**INPUT MATERIAL:**
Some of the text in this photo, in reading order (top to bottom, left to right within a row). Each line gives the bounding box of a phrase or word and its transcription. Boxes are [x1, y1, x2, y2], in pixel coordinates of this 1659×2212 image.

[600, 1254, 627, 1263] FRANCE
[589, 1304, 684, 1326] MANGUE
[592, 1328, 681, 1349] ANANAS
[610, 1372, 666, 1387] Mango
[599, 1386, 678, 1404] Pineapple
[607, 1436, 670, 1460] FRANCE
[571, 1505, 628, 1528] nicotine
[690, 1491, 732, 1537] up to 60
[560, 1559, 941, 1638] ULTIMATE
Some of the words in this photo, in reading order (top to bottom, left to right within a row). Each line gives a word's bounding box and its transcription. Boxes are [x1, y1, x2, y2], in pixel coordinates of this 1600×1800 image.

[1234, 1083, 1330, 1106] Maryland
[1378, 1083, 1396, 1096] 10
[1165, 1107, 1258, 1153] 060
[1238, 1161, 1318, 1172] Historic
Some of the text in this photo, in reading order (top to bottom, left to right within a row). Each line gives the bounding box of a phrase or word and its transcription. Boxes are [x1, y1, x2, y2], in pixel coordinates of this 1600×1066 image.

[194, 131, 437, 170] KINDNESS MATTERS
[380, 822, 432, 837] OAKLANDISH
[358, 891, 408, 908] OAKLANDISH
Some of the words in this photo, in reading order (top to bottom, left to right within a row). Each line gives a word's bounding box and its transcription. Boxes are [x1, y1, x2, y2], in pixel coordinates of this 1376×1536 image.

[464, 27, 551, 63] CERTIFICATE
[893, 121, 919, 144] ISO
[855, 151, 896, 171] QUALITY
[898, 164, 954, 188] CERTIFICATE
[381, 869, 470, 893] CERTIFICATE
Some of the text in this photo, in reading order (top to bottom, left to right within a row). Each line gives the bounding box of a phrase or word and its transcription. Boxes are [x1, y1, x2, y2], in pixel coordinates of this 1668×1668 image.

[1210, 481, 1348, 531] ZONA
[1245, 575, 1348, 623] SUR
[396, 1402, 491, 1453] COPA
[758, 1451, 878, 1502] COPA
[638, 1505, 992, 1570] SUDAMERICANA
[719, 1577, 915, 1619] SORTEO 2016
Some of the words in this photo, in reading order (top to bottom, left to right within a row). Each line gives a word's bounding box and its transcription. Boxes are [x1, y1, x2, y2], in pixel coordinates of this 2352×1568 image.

**INSTRUCTIONS FOR THE TASK:** Set the entries down again precisely as they were given.

**OUTPUT FOR THIS EXERCISE:**
Some of the text in this photo, in reading order (top to bottom, left to right within a row). Each line gives the bounding box of a phrase or word and its transcription. Boxes are [x1, y1, x2, y2], in pixel coordinates of this 1659×2212 image.

[600, 1254, 627, 1263] FRANCE
[589, 1304, 684, 1326] MANGUE
[592, 1328, 681, 1349] ANANAS
[610, 1372, 666, 1387] Mango
[599, 1386, 678, 1404] Pineapple
[607, 1436, 670, 1460] FRANCE
[571, 1505, 628, 1528] nicotine
[690, 1491, 732, 1537] up to 60
[560, 1559, 941, 1638] ULTIMATE
Some of the words in this photo, in reading order (top to bottom, left to right within a row). Each line gives a word's bounding box and its transcription. Boxes are [x1, y1, x2, y2], in pixel coordinates of this 1600×1800 image.

[1234, 1083, 1330, 1106] Maryland
[1378, 1083, 1396, 1096] 10
[1165, 1107, 1258, 1153] 060
[1238, 1161, 1318, 1172] Historic
Some of the text in this photo, in reading order (top to bottom, left to right within a row). Each line gives the bounding box of a phrase or word and its transcription. Boxes are [x1, y1, x2, y2], in pixel coordinates of this 1600×1066 image.

[194, 131, 437, 170] KINDNESS MATTERS
[380, 822, 432, 837] OAKLANDISH
[358, 891, 408, 908] OAKLANDISH
Some of the words in this photo, in reading order (top to bottom, left to right within a row). Each line gives a word's bounding box and its transcription. Boxes are [x1, y1, x2, y2], in pixel coordinates of this 1376×1536 image.

[464, 27, 551, 63] CERTIFICATE
[893, 121, 919, 144] ISO
[855, 151, 896, 171] QUALITY
[898, 164, 954, 188] CERTIFICATE
[381, 869, 470, 893] CERTIFICATE
Some of the text in this photo, in reading order (top to bottom, left to right within a row). Each line gives the bounding box of a phrase or word and its transcription. Boxes are [x1, y1, x2, y2], in pixel coordinates of this 1668×1668 image.

[1210, 481, 1348, 531] ZONA
[1245, 575, 1348, 623] SUR
[396, 1402, 491, 1453] COPA
[758, 1451, 878, 1502] COPA
[638, 1505, 992, 1570] SUDAMERICANA
[719, 1577, 915, 1619] SORTEO 2016
Some of the words in this photo, in reading order (top to bottom, left to right within a row). Each line gives a word's bounding box and its transcription. Boxes are [x1, y1, x2, y2], in pixel coordinates of this 2352×1568 image.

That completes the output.